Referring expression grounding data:
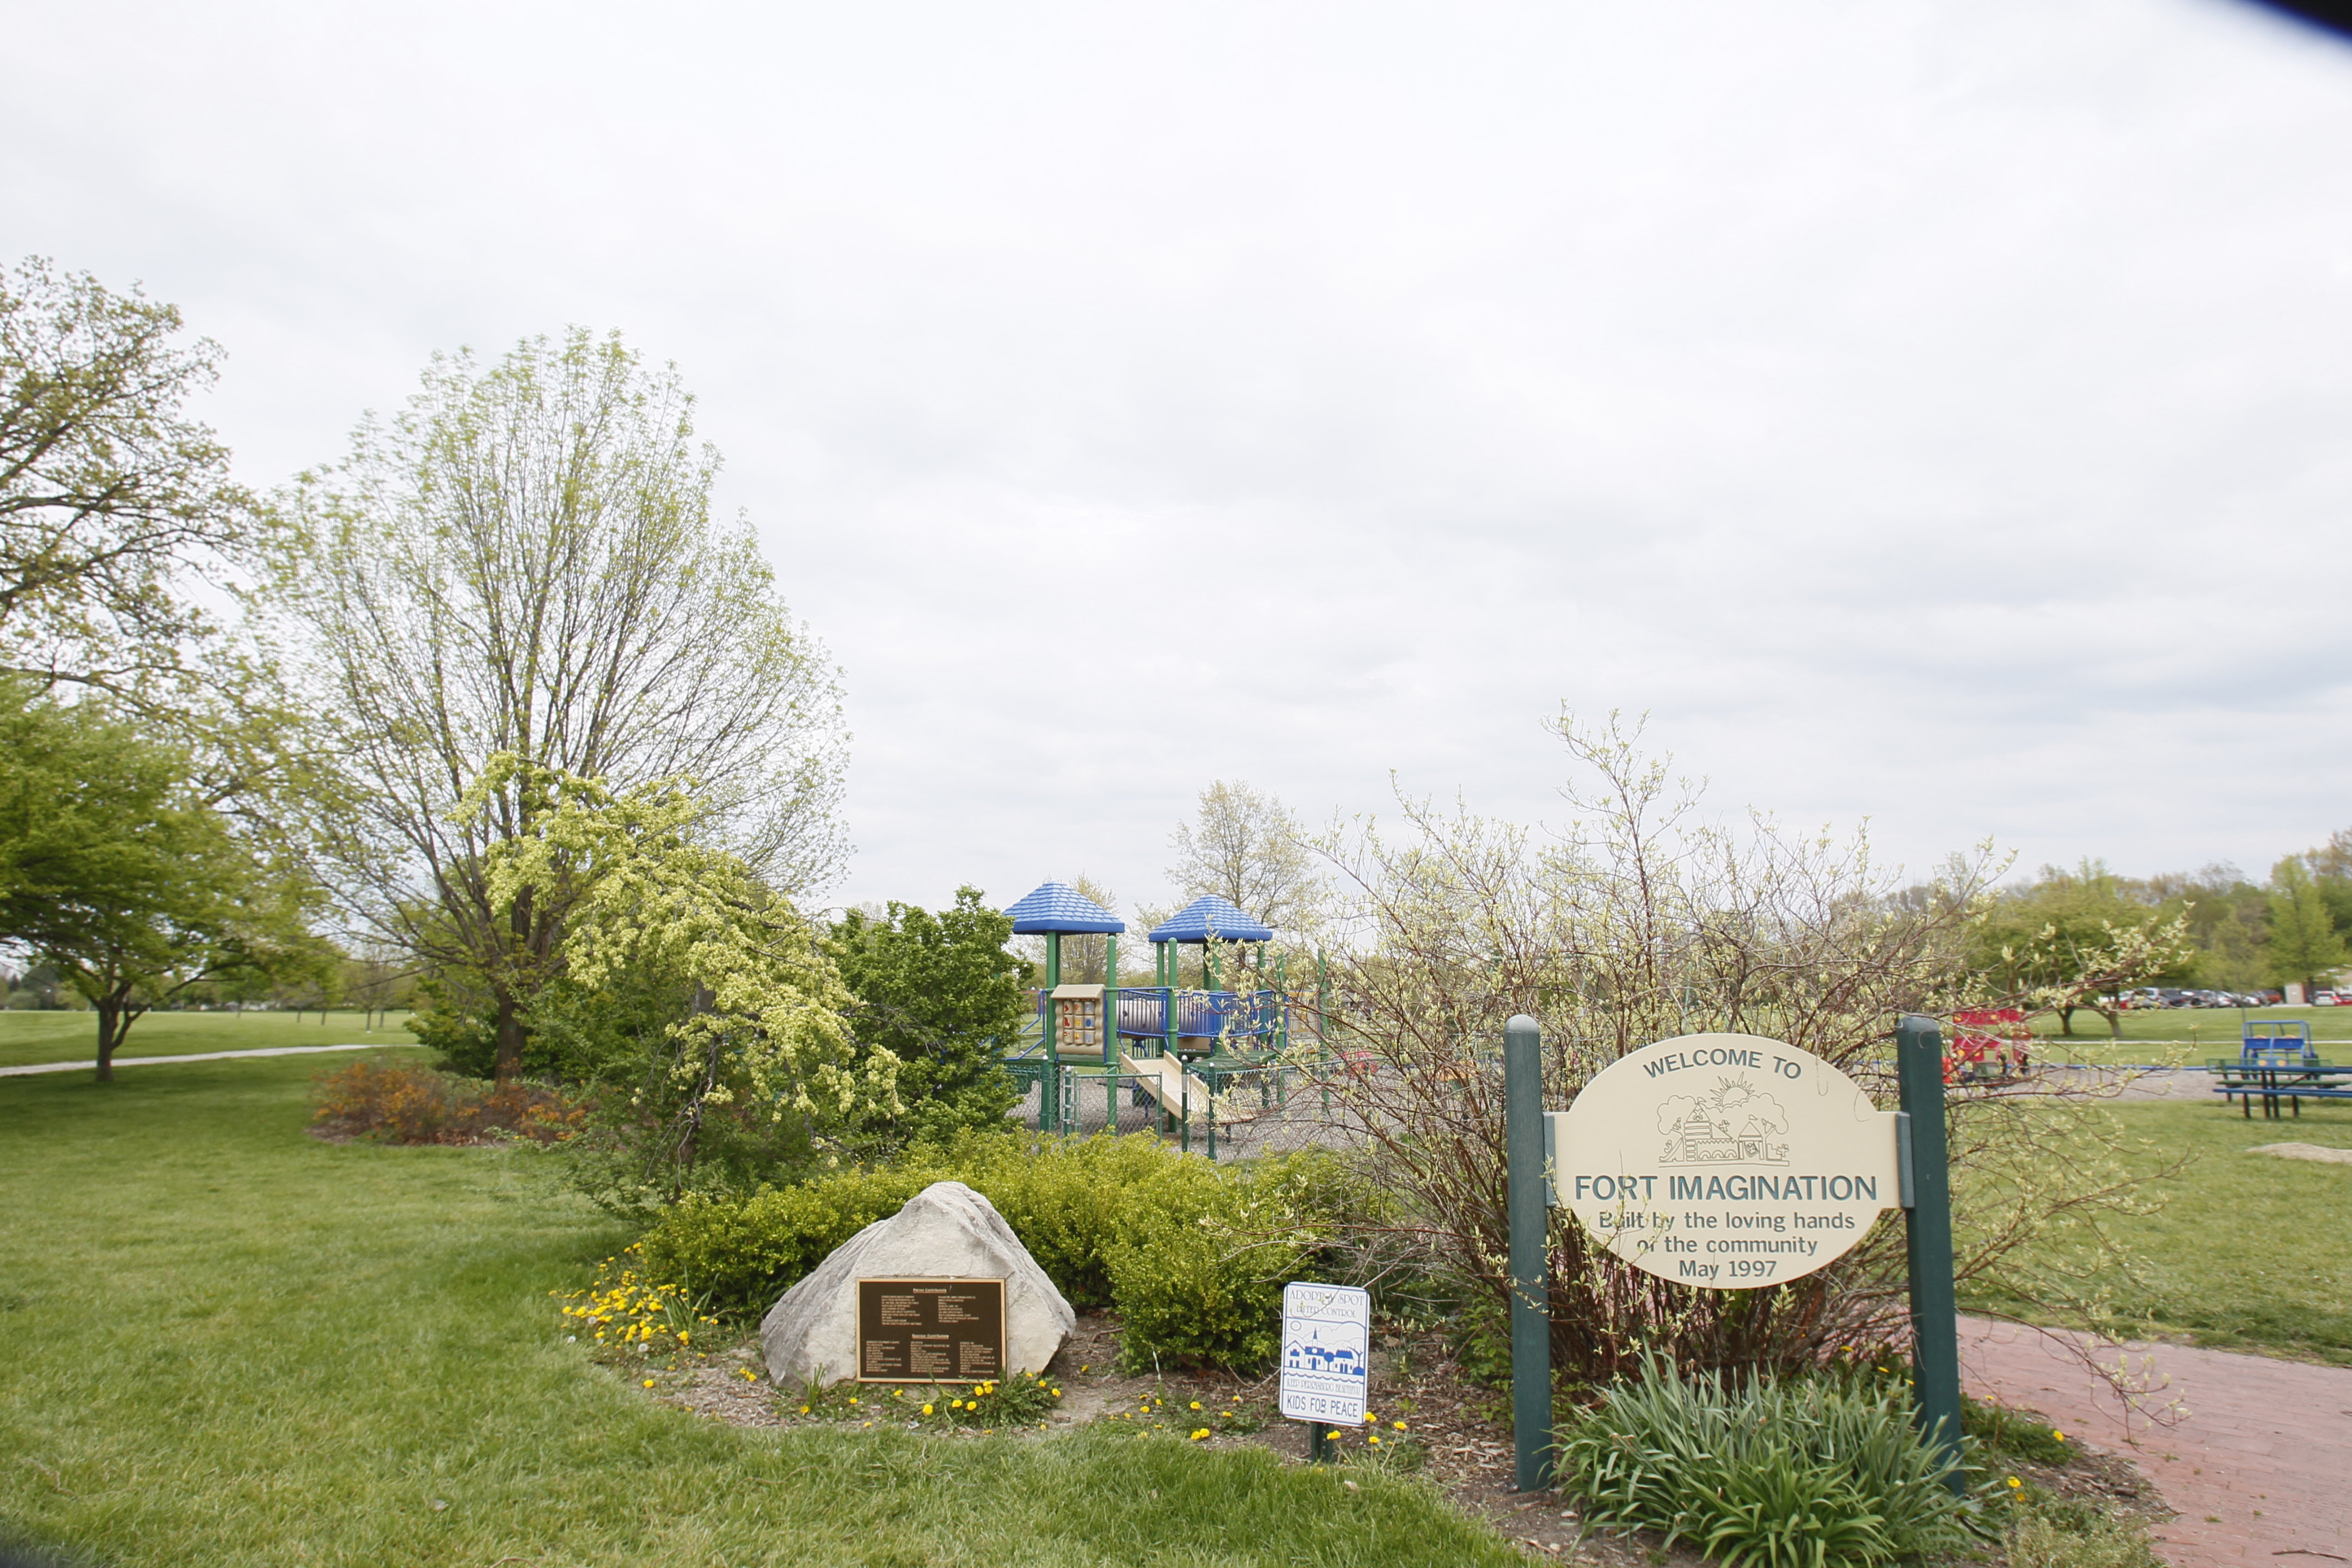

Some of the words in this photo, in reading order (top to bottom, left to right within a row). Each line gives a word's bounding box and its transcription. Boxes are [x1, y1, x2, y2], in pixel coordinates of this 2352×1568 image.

[1643, 1049, 1763, 1079] WELCOME
[1773, 1056, 1802, 1080] TO
[1575, 1175, 1658, 1201] FORT
[1669, 1175, 1877, 1201] IMAGINATION
[1684, 1211, 1718, 1229] the
[1725, 1211, 1786, 1233] loving
[1794, 1211, 1856, 1229] hands
[1664, 1235, 1698, 1253] the
[1706, 1236, 1818, 1257] community
[1679, 1260, 1720, 1281] May
[1728, 1260, 1778, 1277] 1997
[1289, 1289, 1324, 1301] ADOPT
[1338, 1293, 1364, 1306] SPOT
[1321, 1306, 1356, 1318] CONTROL
[1287, 1394, 1306, 1410] KIDS
[1309, 1397, 1327, 1413] FOR
[1330, 1400, 1358, 1418] PEACE

Problem: Retype each entry exactly. No pictures.

Your solution:
Some of the words in this photo, in reading order (top to bottom, left to right within a row). Each line gives a word's bounding box and its transcription. Boxes are [x1, y1, x2, y2], in pixel coordinates of this 2352×1568 image.

[1643, 1049, 1763, 1079] WELCOME
[1773, 1056, 1802, 1080] TO
[1575, 1175, 1658, 1201] FORT
[1669, 1175, 1877, 1201] IMAGINATION
[1684, 1211, 1718, 1229] the
[1725, 1211, 1786, 1233] loving
[1794, 1211, 1856, 1229] hands
[1664, 1235, 1698, 1253] the
[1706, 1236, 1818, 1257] community
[1679, 1260, 1720, 1281] May
[1728, 1260, 1778, 1277] 1997
[1289, 1289, 1324, 1301] ADOPT
[1338, 1293, 1364, 1306] SPOT
[1321, 1306, 1356, 1318] CONTROL
[1287, 1394, 1306, 1410] KIDS
[1309, 1397, 1327, 1413] FOR
[1330, 1400, 1358, 1418] PEACE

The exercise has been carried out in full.